Southern Company: Valuation
Southern Company (SO) is currently trading at an EV-to-EBITDA[1. enterprise value to earnings before interest, tax, depreciation, and amortization] valuation of 12x. Its five-year historical average valuation multiple is 11x. The industry average is 10.5x. Compared to its historical and industry averages, Southern Company seems to be trading at a premium valuation.
Where do SO’s peers stand?
A stock’s EV-to-EBITDA ratio indicates whether it’s undervalued or overvalued, regardless of its capital structure. Enterprise value is the combination of a company’s debt and equity minus its cash holdings. We’ve considered SO’s trailing 12-month EBITDA for this calculation.

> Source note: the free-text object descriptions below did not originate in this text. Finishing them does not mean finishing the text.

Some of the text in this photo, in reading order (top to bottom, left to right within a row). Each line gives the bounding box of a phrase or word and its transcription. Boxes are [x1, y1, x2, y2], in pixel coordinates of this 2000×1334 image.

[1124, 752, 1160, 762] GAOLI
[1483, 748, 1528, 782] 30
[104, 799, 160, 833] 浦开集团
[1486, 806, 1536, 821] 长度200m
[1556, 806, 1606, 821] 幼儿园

After trading at record-high valuations throughout 2016, many utilities are now returning to relatively fairer valuations compared to their historical averages. In our view, however, Southern Company still seems a bit pricey at these levels. Peers Duke Energy and American Electric Power appear to be trading at relatively fair multiples.

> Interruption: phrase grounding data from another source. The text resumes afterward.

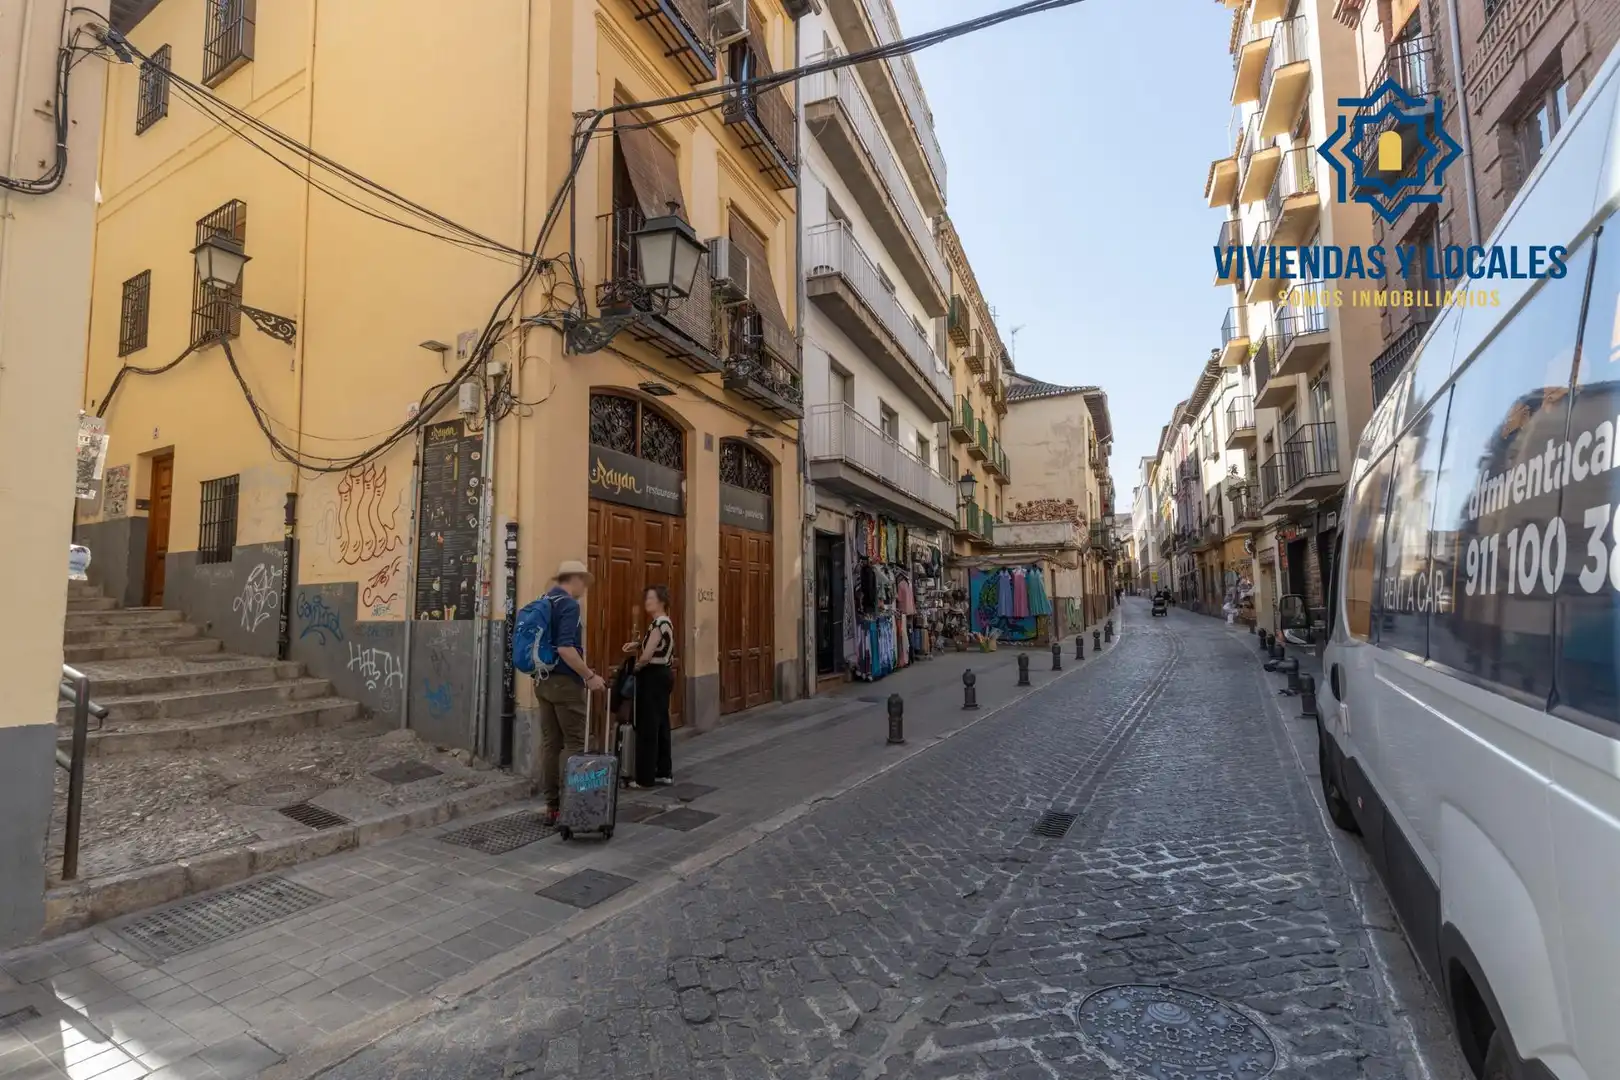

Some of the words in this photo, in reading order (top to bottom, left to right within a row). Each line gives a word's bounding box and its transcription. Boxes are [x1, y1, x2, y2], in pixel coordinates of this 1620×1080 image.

[589, 457, 642, 495] Rayan
[1465, 533, 1500, 596] 911
[1507, 516, 1567, 595] 100
[1384, 576, 1404, 611] RENT
[1406, 575, 1415, 611] A
[1417, 568, 1444, 613] CAR

Although utilities have recently become cheaper, investors could still trade them cautiously going forward, considering the Fed’s aggressive rate hike target in 2017.

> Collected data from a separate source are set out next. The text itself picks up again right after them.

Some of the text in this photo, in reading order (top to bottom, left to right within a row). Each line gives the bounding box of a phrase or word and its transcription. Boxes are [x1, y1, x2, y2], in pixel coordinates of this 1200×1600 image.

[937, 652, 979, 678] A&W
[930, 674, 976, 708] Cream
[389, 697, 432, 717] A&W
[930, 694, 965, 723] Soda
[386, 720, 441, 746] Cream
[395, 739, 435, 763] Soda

Utilities (XLU) seem to be trading at a fair premium compared to their price-to-earnings ratios. Their average PE multiple currently stands near 19x–20x. Interestingly, utilities have historically traded at an average PE of 15x–16x. The current PE ratio roughly matches the broader equities (SPY), which seems to show that utilities are currently expensive and not worthy of a market multiple due to their lower earnings growth.